- GIVEN RECORDS:
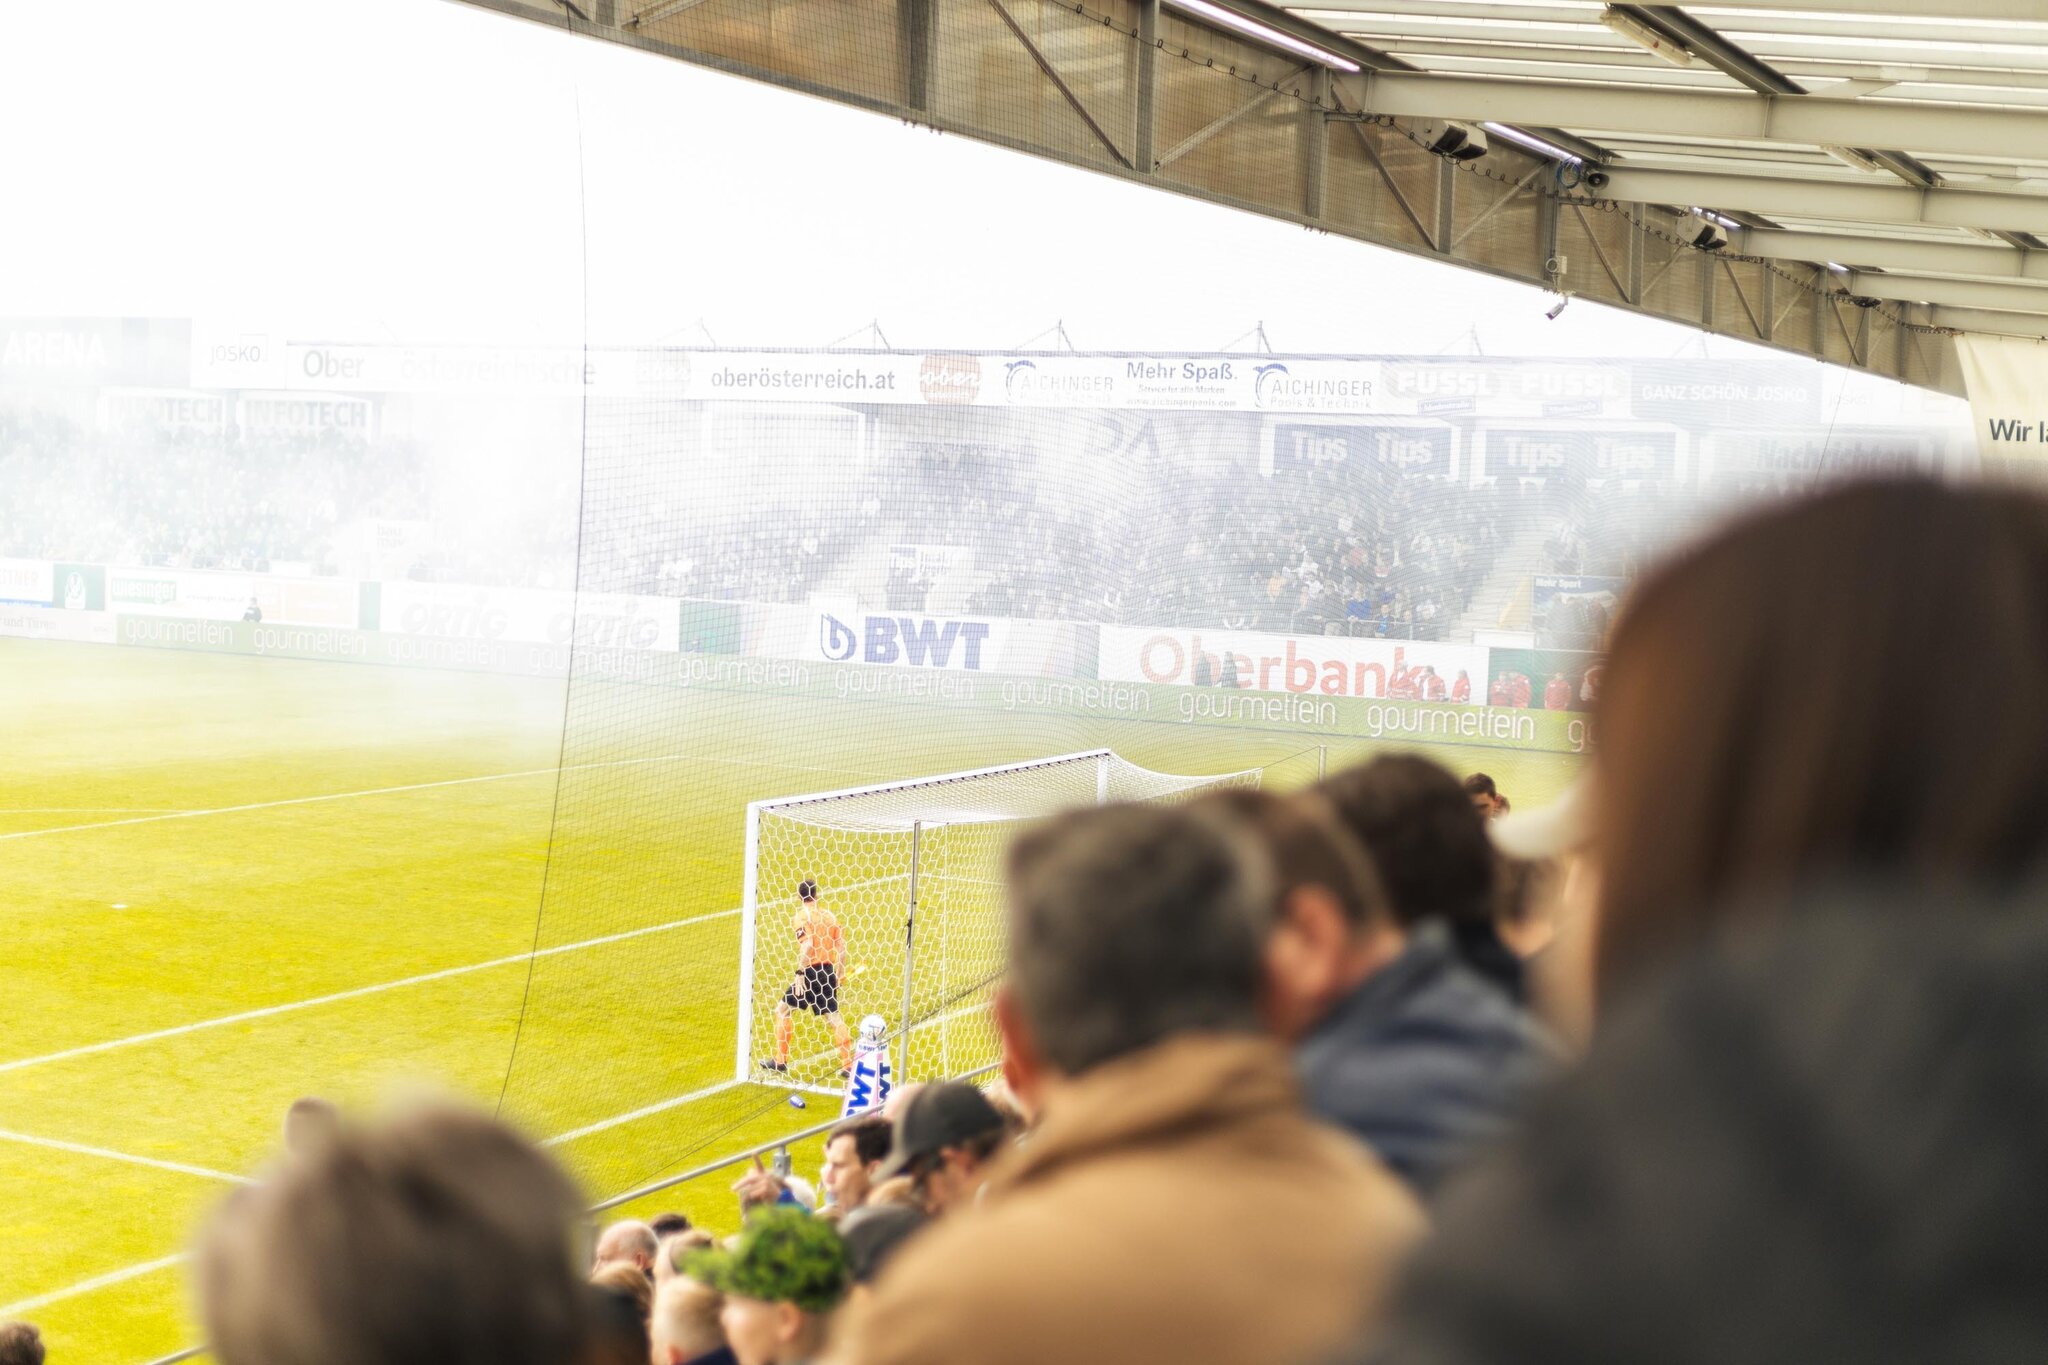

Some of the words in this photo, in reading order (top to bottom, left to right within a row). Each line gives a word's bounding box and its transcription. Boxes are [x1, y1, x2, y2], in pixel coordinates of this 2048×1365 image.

[2, 329, 106, 368] ARENA
[210, 344, 262, 366] JOSKO
[711, 365, 896, 391] oberösterreich.at
[1020, 374, 1114, 393] AICHINGER
[1126, 362, 1176, 380] Mehr
[1181, 362, 1238, 384] Spaß.
[1396, 369, 1492, 396] FUSSL
[1519, 371, 1619, 397] FUSSL
[1272, 380, 1373, 397] AICHINGER
[1642, 384, 1686, 401] GANZ
[1690, 382, 1748, 401] SCHÖN
[1755, 385, 1808, 402] JOSKO
[246, 400, 367, 428] INFOTECH
[1989, 418, 2033, 442] Wir
[1291, 430, 1350, 466] Tips
[1374, 432, 1435, 468] Tips
[1503, 437, 1566, 474] Tips
[1596, 437, 1658, 474] Tips
[864, 615, 990, 672] BWT
[126, 618, 233, 647] gourmetfein
[253, 626, 366, 657] gourmetfein
[388, 635, 507, 666] gourmetfein
[529, 645, 655, 677] gourmetfein
[677, 655, 810, 688] gourmetfein
[834, 666, 975, 699] gourmetfein
[1001, 679, 1150, 713] gourmetfein
[1179, 690, 1336, 726] gourmetfein
[1367, 702, 1535, 741] gourmetfein

- ACTIVITY:
What you return must match the entries above exactly, apart from the pictures, which are left out.

- TASK ANSWER:
Some of the words in this photo, in reading order (top to bottom, left to right within a row). Each line gives a word's bounding box and its transcription. Boxes are [x1, y1, x2, y2], in pixel coordinates of this 2048×1365 image.

[2, 329, 106, 368] ARENA
[210, 344, 262, 366] JOSKO
[711, 365, 896, 391] oberösterreich.at
[1020, 374, 1114, 393] AICHINGER
[1126, 362, 1176, 380] Mehr
[1181, 362, 1238, 384] Spaß.
[1396, 369, 1492, 396] FUSSL
[1519, 371, 1619, 397] FUSSL
[1272, 380, 1373, 397] AICHINGER
[1642, 384, 1686, 401] GANZ
[1690, 382, 1748, 401] SCHÖN
[1755, 385, 1808, 402] JOSKO
[246, 400, 367, 428] INFOTECH
[1989, 418, 2033, 442] Wir
[1291, 430, 1350, 466] Tips
[1374, 432, 1435, 468] Tips
[1503, 437, 1566, 474] Tips
[1596, 437, 1658, 474] Tips
[864, 615, 990, 672] BWT
[126, 618, 233, 647] gourmetfein
[253, 626, 366, 657] gourmetfein
[388, 635, 507, 666] gourmetfein
[529, 645, 655, 677] gourmetfein
[677, 655, 810, 688] gourmetfein
[834, 666, 975, 699] gourmetfein
[1001, 679, 1150, 713] gourmetfein
[1179, 690, 1336, 726] gourmetfein
[1367, 702, 1535, 741] gourmetfein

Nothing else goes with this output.